Repeated doses of most inactivated protein vaccines cause the antibody titer to go progressively higher, or “boost.” This does not occur with polysaccharide antigens; repeat doses of polysaccharide vaccines usually do not cause a booster response. Antibody induced with polysaccharide vaccines has less functional activity than that induced by protein antigens. This is because the predominant antibody produced in response to most polysaccharide vaccines is IgM, and little IgG is produced.

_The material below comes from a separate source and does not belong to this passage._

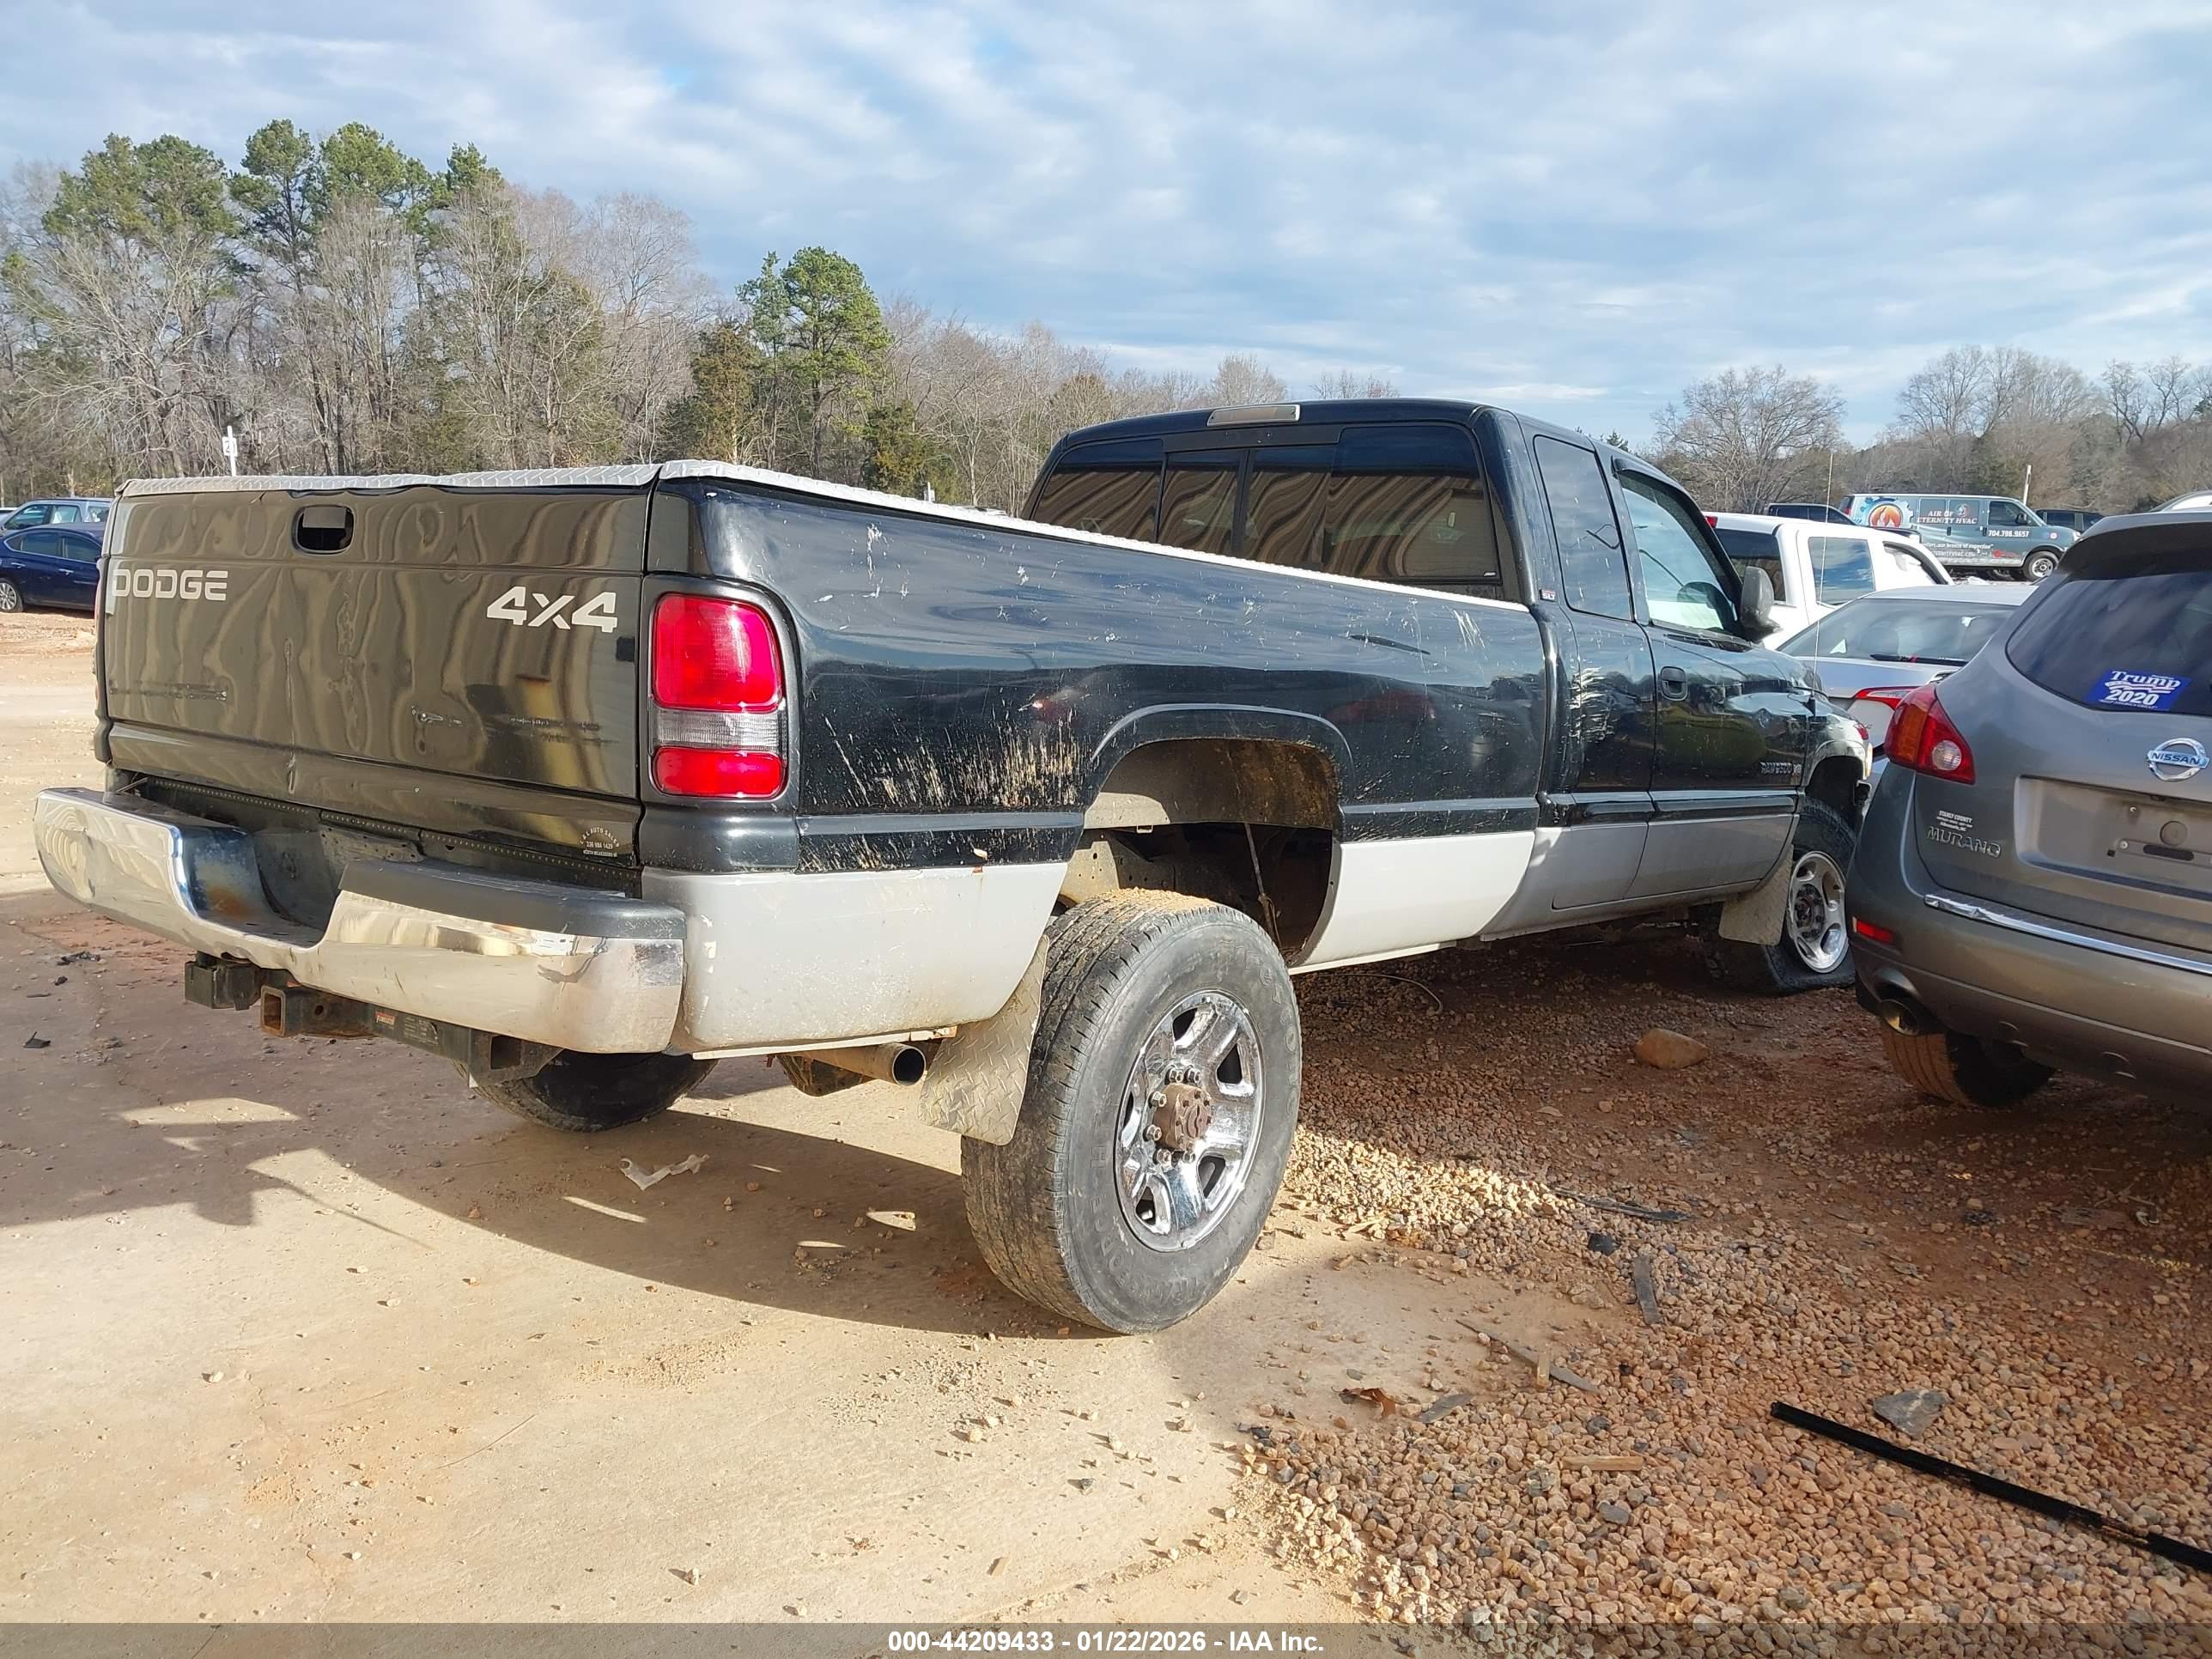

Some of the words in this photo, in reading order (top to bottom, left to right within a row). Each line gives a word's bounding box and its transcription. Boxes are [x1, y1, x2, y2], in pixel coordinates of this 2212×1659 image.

In the late 1980s, it was discovered that the problems noted above could be overcome through a process called conjugation, in which the polysaccharide is chemically combined with a protein molecule. Conjugation changes the immune response from T-cell independent to T-cell dependent, leading to increased immunogenicity in infants and antibody booster response to multiple doses of vaccine.
The first conjugated polysaccharide vaccine was for Hib. A conjugate vaccine for pneumococcal disease was licensed in 2000. A meningococcal conjugate vaccine was licensed in 2005.
Vaccine antigens may also be produced by genetic engineering technology. These products are sometimes referred to as recombinant vaccines. Five genetically engineered vaccines are currently available in the United States. Hepatitis B, human papillomavirus (HPV), and influenza (one brand) vaccines are produced by insertion of a segment of the respective viral gene into the gene of a yeast cell or virus. The modified yeast cell or virus produces pure hepatitis B surface antigen, HPV capsid protein, or influenza hemagglutinin when it grows. Live typhoid vaccine (Ty21a) is Salmonella Typhi bacteria that have been genetically modified to not cause illness. Live attenuated influenza vaccine has been engineered to replicate effectively in the mucosa of the nasopharynx but not in the lungs.